The narrow valley leading to Green River Ford was well known as being ideal for ambush. "in a dangerous Passe, which they were not sufficiently aware of, the skulking Indians, killed at one Volley, the said Captain and Eight and Thirty of his Men; but immediately after they had discharged, they fled". Warriors ambushed the company there and Captain Turner was shot through the thigh and back as he crossed the river. Samuel Holyoke, took command and organized a retreat to Hatfield that lost no men.

Reverend Hope Atherton and others were separated from the main body and had to find their way alone; a few were successful while others never returned.

==Aftermath==
Captain Turner's body lay in the river for several days until it was recovered. Of the 160 men who attacked Peskeomskut, 38 were killed outright in the retreat or tortured to death (nearly a quarter of his men), six were missing (later found) and many had wounds that shortened their lives. On May 30, 1676, 250 surviving warriors from Peskeompskut attacked Hatfield. Though their attack was repulsed, five settlers were killed, twenty houses and barns were burned, many cattle were killed, sheep were driven away, and a number of houses and shops looted. In June, English scouts found places where Captain Turner's captured men were tortured and burned.

The falls where this occurred were later named "Turner's Falls". In 1736, a grant was made to the descendants of the "Falls Fight" of land near the conflict (currently the town of Bernardson). "The village of Riverside, in Gill, is supposed to occupy the spot where the fight took place, and in that village a grove used by picnic parties is said to mark the precise locality of Captain Turner's first attack upon the Indian camp". The site of the battle is in the Riverside Archeological District, a historic district listed on the National Register of Historic Places.

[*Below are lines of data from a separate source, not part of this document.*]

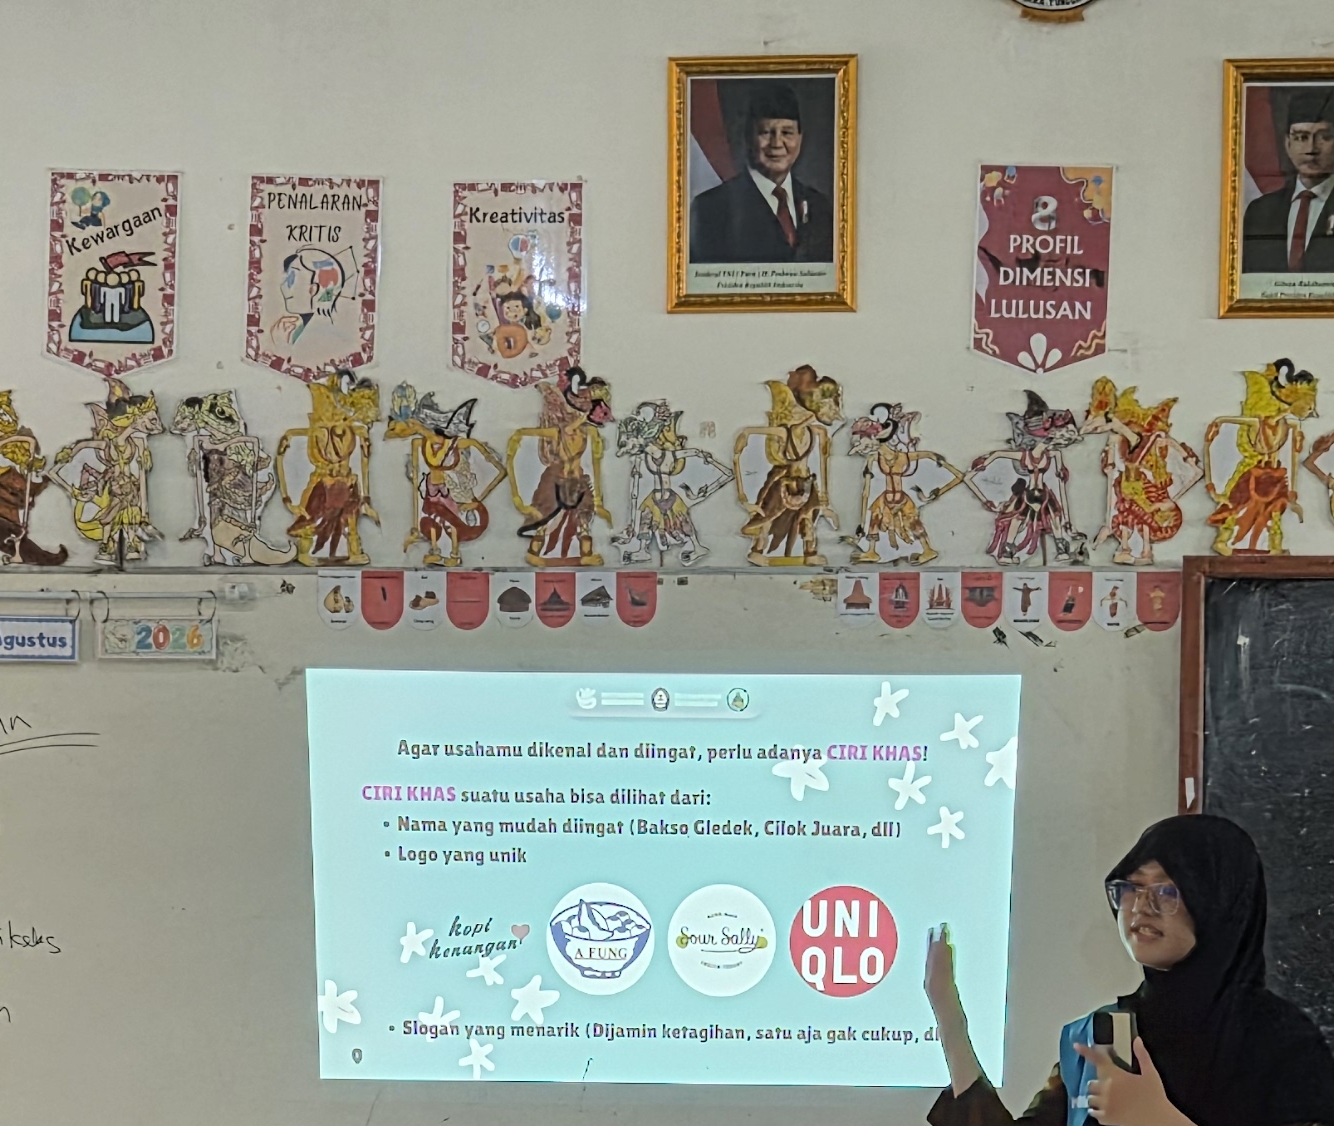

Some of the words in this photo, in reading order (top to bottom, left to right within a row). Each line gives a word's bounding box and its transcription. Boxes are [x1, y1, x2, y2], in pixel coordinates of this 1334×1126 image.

[268, 192, 363, 211] PENALARAN
[469, 206, 565, 224] Kreativitas
[65, 206, 163, 256] Kewargaan
[286, 226, 341, 242] KRITIS
[1009, 234, 1083, 255] PROFIL
[999, 265, 1091, 287] DIMENSI
[989, 298, 1091, 320] LULUSAN
[135, 624, 203, 650] 2026
[398, 740, 440, 759] Agar
[444, 741, 522, 758] usahamu
[527, 743, 591, 758] dikenal
[597, 743, 628, 759] dan
[634, 743, 702, 763] diingat,
[708, 744, 752, 763] perlu
[757, 744, 822, 764] adanya
[827, 745, 867, 760] CIRI
[872, 745, 928, 761] KHAS!
[362, 786, 402, 801] CIRI
[407, 786, 456, 801] KHAS
[461, 789, 509, 803] suatu
[515, 788, 565, 804] usaha
[571, 789, 604, 804] bisa
[610, 789, 665, 806] dilihat
[670, 790, 711, 806] dari:
[397, 816, 447, 832] Nama
[452, 820, 494, 836] yang
[499, 819, 557, 833] mudah
[563, 819, 623, 838] diingat
[630, 819, 688, 836] (Bakso
[693, 820, 759, 837] Gledek,
[764, 821, 806, 836] Cilok
[812, 821, 866, 839] Juara,
[871, 822, 901, 838] dll)
[398, 846, 438, 865] Logo
[443, 849, 484, 865] yang
[490, 848, 526, 863] unik
[449, 916, 493, 937] kopi
[801, 900, 878, 937] UNI
[429, 939, 517, 958] kenangan
[677, 926, 717, 946] Sour
[721, 926, 766, 952] Sally
[589, 948, 627, 960] FUNG
[801, 947, 885, 991] QLO
[403, 1021, 459, 1039] Slogan
[465, 1023, 505, 1039] yang
[511, 1023, 580, 1038] menarik
[586, 1023, 656, 1040] (Dijamin
[662, 1025, 751, 1041] ketagihan,
[756, 1027, 792, 1040] satu
[797, 1028, 822, 1043] aja
[827, 1028, 857, 1043] gak
[862, 1027, 919, 1045] cukup,

There is an extensive account of the battle and the colonists' reasons for attacking contained in a book authored by George Madison Bodge and reprinted by the Genealogical Publishing Company in 1967. The account includes a description of the battle, a listing of many of the soldiers who fought with the colonists, the soldiers who were slain in the battle, and soldiers or their descendants who were entitled to land due to their participation in the battle.